KANT, Immanuel. Fundamentação da metafísica dos costumes. Trad. Leopoldo Holzbach. São Paulo: Martin Claret, 2003

________________ Crítica da faculdade do juízo. Tradução de Valério Rohden e António Marques. Rio de Janeiro, RJ: Forense Universitária, 1993.

HEGEL, Georg Whillelm Friedrich. Princípios da filosofia do direito. Trad. Norberto de Paula Nóbrega. Petrópolis: Vozes, 1997.

CIRNE LIMA, C. R. V. O dever-ser- Kant e Hegel. Filosofia política, Porto Alegre, v.4,p66-87, 1987.

ROANI, Alcione Roberto.
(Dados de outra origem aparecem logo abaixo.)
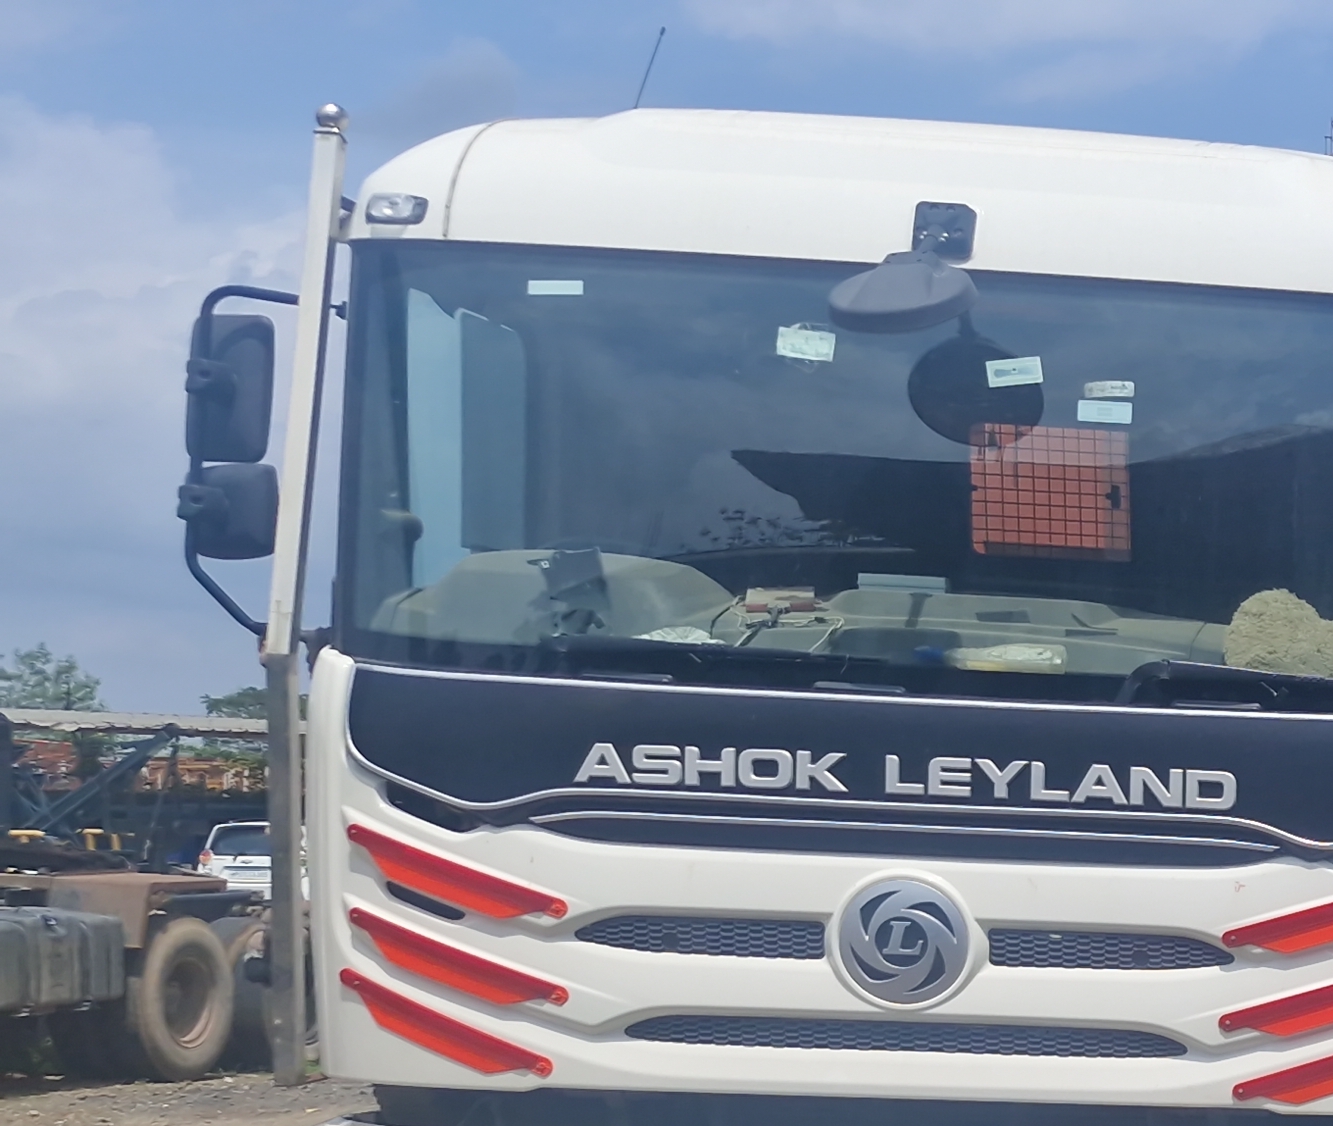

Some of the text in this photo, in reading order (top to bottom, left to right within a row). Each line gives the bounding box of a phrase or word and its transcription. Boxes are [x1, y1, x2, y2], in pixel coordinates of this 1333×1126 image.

[573, 742, 1238, 811] ASHOK LEYLAND
[882, 921, 924, 956] L
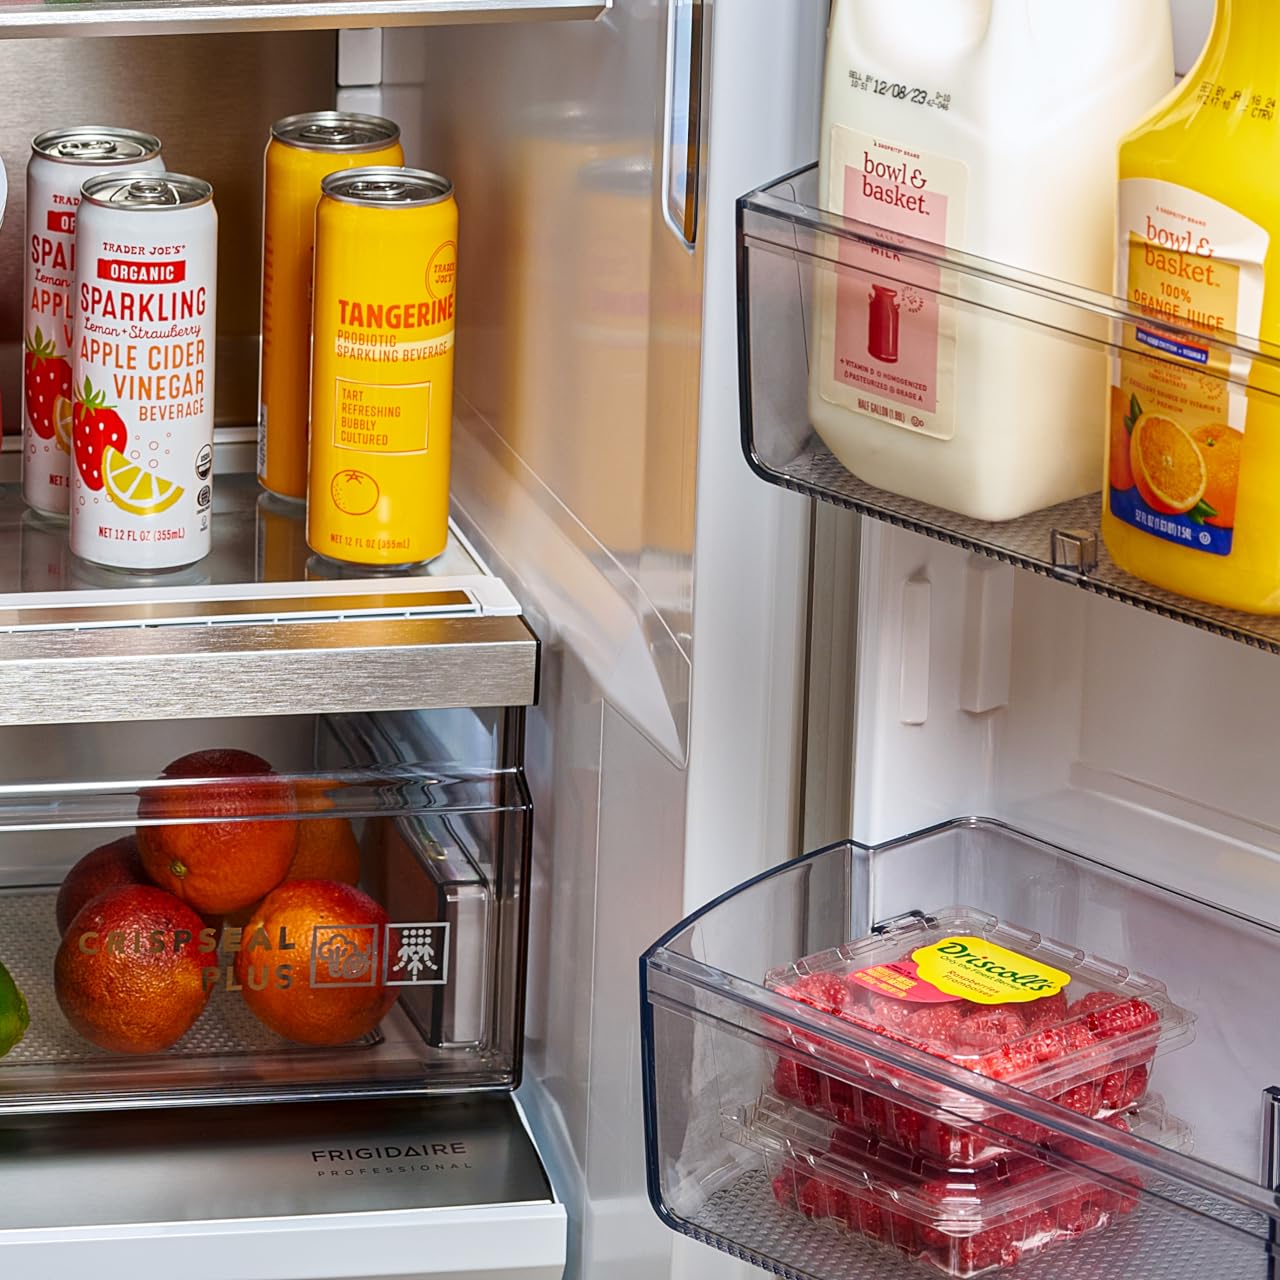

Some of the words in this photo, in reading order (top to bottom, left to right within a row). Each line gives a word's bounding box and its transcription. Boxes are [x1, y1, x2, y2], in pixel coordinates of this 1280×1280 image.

[848, 70, 863, 81] SELL
[865, 75, 874, 83] BY
[873, 79, 928, 105] 12/08/23
[863, 151, 907, 185] bowl
[910, 168, 928, 189] &
[1145, 214, 1192, 255] bowl
[1195, 237, 1215, 259] &
[103, 242, 145, 256] TRADER
[34, 268, 70, 287] Lemon
[110, 263, 175, 281] ORGANIC
[80, 282, 207, 322] SPARKLING
[1160, 282, 1192, 304] 100%
[338, 293, 454, 330] TANGERINE
[83, 316, 120, 337] Lemon
[128, 324, 202, 339] Strawberry
[337, 329, 397, 347] PROBIOTIC
[80, 335, 137, 370] APPLE
[147, 338, 206, 371] CIDER
[336, 344, 399, 363] SPARKLING
[402, 341, 449, 362] BEVERAGE
[845, 359, 869, 374] VITAMIN
[113, 369, 205, 401] VINEGAR
[849, 371, 889, 391] PASTEURIZED
[883, 373, 928, 392] HOMOGENIZED
[341, 388, 364, 402] TART
[138, 397, 205, 422] BEVERAGE
[341, 402, 401, 418] REFRESHING
[341, 416, 377, 431] BUBBLY
[340, 430, 389, 446] CULTURED
[49, 474, 64, 486] NET
[98, 526, 113, 539] NET
[114, 528, 125, 540] 12
[127, 529, 138, 542] FL
[139, 530, 151, 542] OZ
[153, 527, 186, 542] (355mL)
[330, 533, 343, 545] NET
[344, 535, 353, 546] 12
[355, 536, 365, 547] FL
[366, 537, 376, 549] OZ
[78, 926, 296, 955] CRISPSEAL
[937, 941, 1053, 991] Driscoll's
[940, 955, 958, 966] Only
[958, 963, 970, 972] the
[973, 967, 994, 981] Finest
[201, 963, 294, 993] PLUS
[942, 974, 994, 998] Framboises
[947, 970, 1001, 994] Raspberries
[311, 1142, 468, 1163] FRIGIDAIRE
[318, 1162, 472, 1177] PROFESSIONAL
Moral e direito: Kant versus Hegel. Passo Fundo: IFIBE, 2006.

____________________A Aplicabilidade das objeções hegelianas: à ética kantiana e à ética discursiva. Perspectiva, Erechim, v.26, n.94, p.55-64, jun. 2002.

SALGADO, Joaquim Carlos. A idéia de justiça em Kant: seu fundamento na liberdade e igualdade. 2ed. Belo Horizonte: UFMG, 1996.

SILVA, M.Z.A. História e Astúcia da razão em Kant e Hegel.Fragmentos de Cultura. Goiânia: Ifiteg, SGC/UCG, v. 13, p.99/113, out. 2003.mplo em um tratado internacional entre naçciais, como o direito



[1] Trata-se da pergunta do próprio Kant, encontrada na seguinte obra, página 86: KANT, Immanuel. Fundamentação da metafísica dos costumes. Trad. Leopoldo Holzbach. São Paulo: Martin Claret, 2003.

[2] Acadêmico de Filosofia e Direito.

[3] Localizado em lugar específico, o fundamento que possibilitaria enunciar a possibilidade da moral situa-se no plano do imperativo categórico. Quando Kant desmembra a moralidade dos sentidos, do que é externo ao ser, além de situá-la no plano da liberdade que abstrai o fenômeno, cria o Imperativo categórico como meio pelo qual o indivíduo se auto-legisla; com ele, ainda, evoca-se uma possibilidade universalizadora da moral, no sentido de estendê-la aos demais entes racionais.

[4] Coisa extensa, na definição cartesiana.